I’ve not written a post for a while that just draws attention to another discussion. But I thought Mark Jackson’s two articles from the past week or so were absolutely brilliant. Mark – look me up sometime, I’d love to buy you a beer.
It also rekindled my thinking that I need to finally change the name of my firm. You all know what a joy doing that is, especially when you have strong search rank for your old domain name.
I hear this all the time
“I’m a designer and I don’t really do I.T.”
“I’m more of an I.T. person, I don’t really do design.”
“I looked at competitor sites and built something similar.”
“We don’t really look at our site’s statistics much.”
I’m old.

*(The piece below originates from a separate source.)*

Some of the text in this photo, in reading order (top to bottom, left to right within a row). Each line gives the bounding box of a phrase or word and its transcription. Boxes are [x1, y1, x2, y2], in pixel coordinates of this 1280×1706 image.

I’m blessed (cursed?) with a background EXTENSIVE in both I.T., Design, and Search Marketing. What I realized even with the different viewpoints is that SEM (Search Engine Marketing) is far more important than any pixel tweaking or snazzy coding ever was or would be to the growth of a web business. I imagine I see the world like those flies that have 100s of lenses each giving a slightly different angle on things.

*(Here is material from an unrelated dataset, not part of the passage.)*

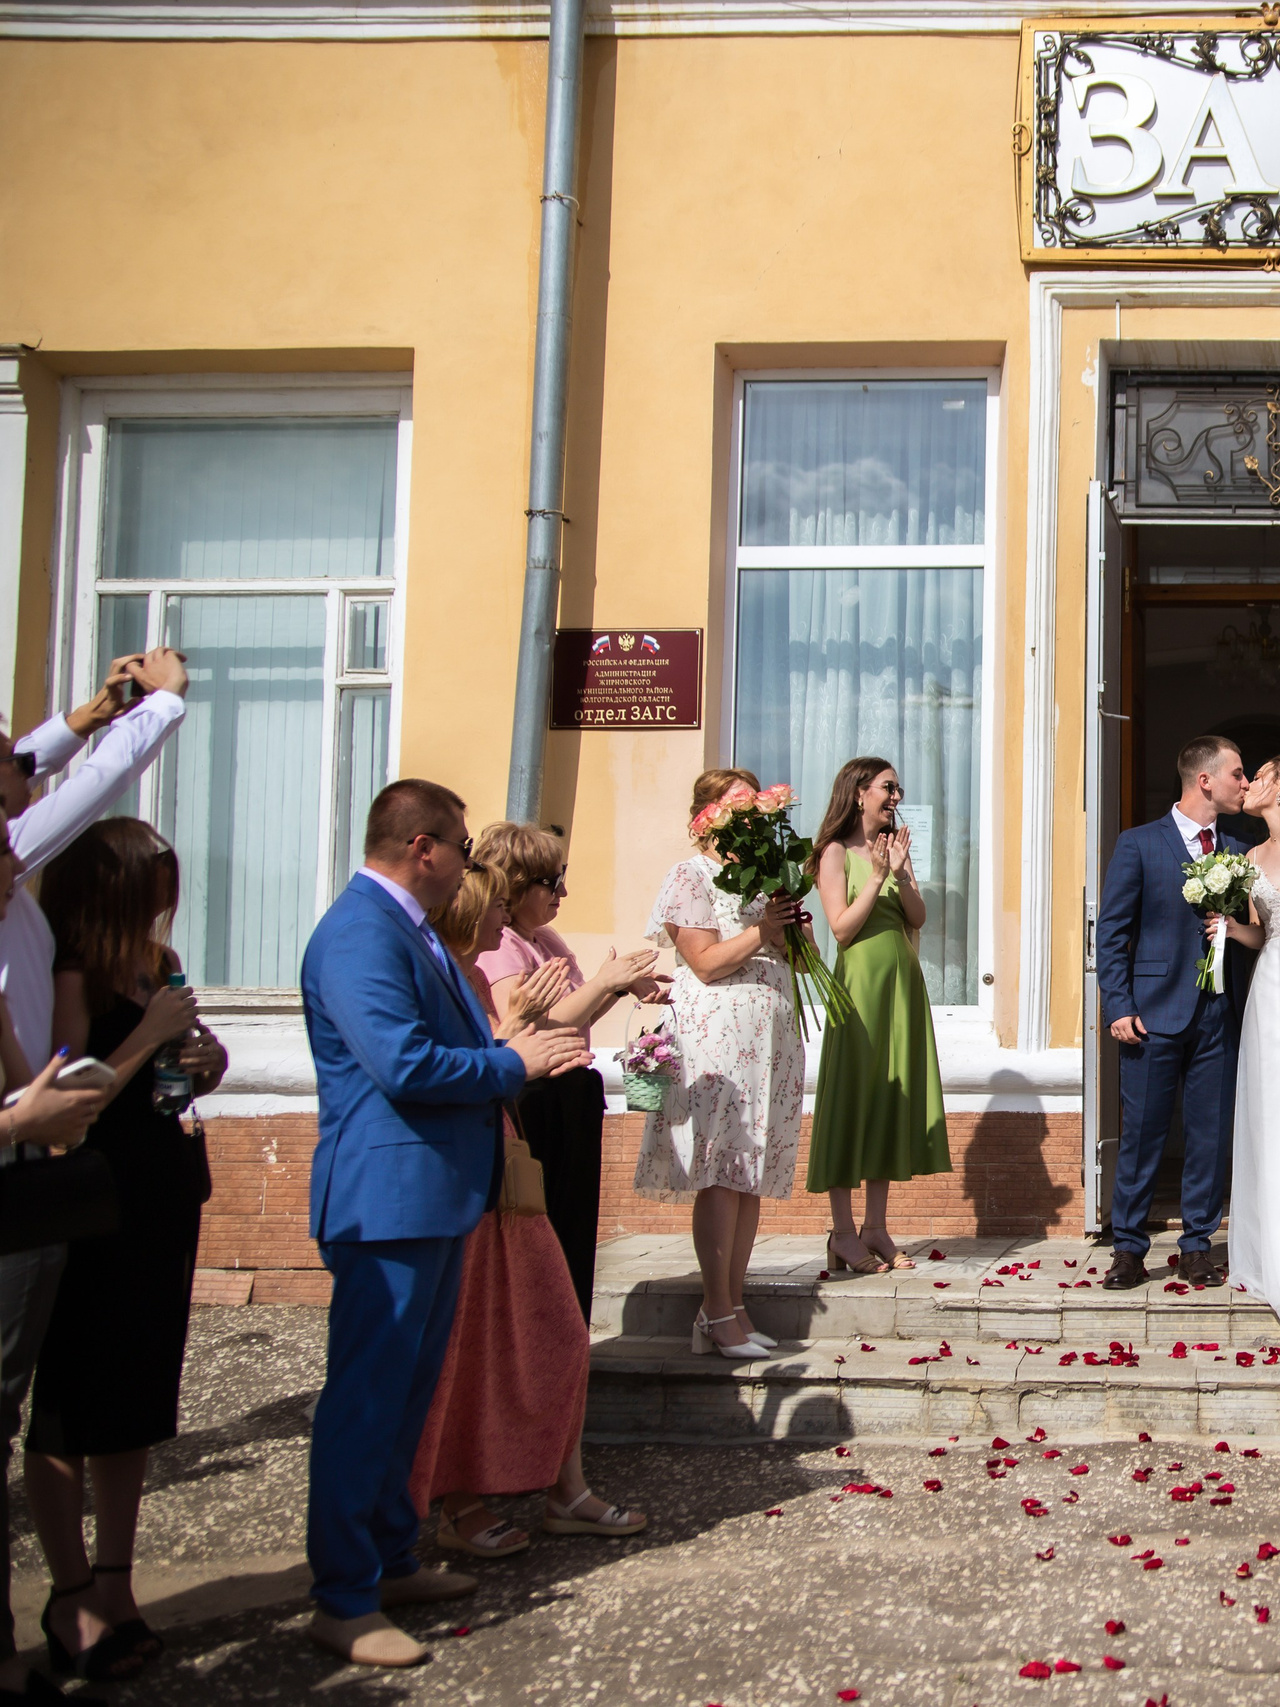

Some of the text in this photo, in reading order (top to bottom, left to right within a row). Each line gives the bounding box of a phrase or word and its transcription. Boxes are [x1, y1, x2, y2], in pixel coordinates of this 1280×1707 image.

[580, 695, 637, 703] ВОЛГОГРАДСКОЙ
[574, 706, 677, 724] отдел ЗАГС

In 1998 when I started, I was all about web design and meta tags, but over the next 3-4 years, through 2002, I did more and more real search marketing. By 2004, it was almost full-time, a split between organic SEO, PPC, and landing page optimization. Design was done as a necessary vehicle to achieve search rank – sort of a super-landing-page project (in my mind at least.) Site Creations, Inc. doesn’t fit anymore. I’m going to have to rebrand soon to be faithful to this change.
I feel that no design should be started without a true SEM expert present at the meeting, and throughout design. This introduces confusion into my sales activity, of course. Most people come to me wanting web design, often for abysmal product offerings. I want to help, but unless they have a great offer, and truly understand how conversion-driven design works, I have a hard time staying enthused unless we can address some of the underlying issues first. I thought David Rodnitzky did a nice job of summing up one way this can work:
….frequently pitch clients on a combination of ongoing SEM consulting and a one-time usability tune-up. Again, this is a win-win situation – I get more of the client’s business by charging for the usability assessment, the client gets a much better converting Web site out of the deal, and we both end up satisfied with the increased success of the search engine marketing campaign….
….it’s important as a consultant to try to bring these folks at least a little closer to earth and establish realistic and clearly understood goals at the beginning of the relationship….
I realize that I.T. and design skills are both vital to the success of many sites – features, functions, branding, and identity are naturally very important. But when “expertise-egos” get in the way, you lose. When that feature is taken too far for no good reason, or when that customer-driven design compromise makes you feel defensive, it’s time to hand over the keys.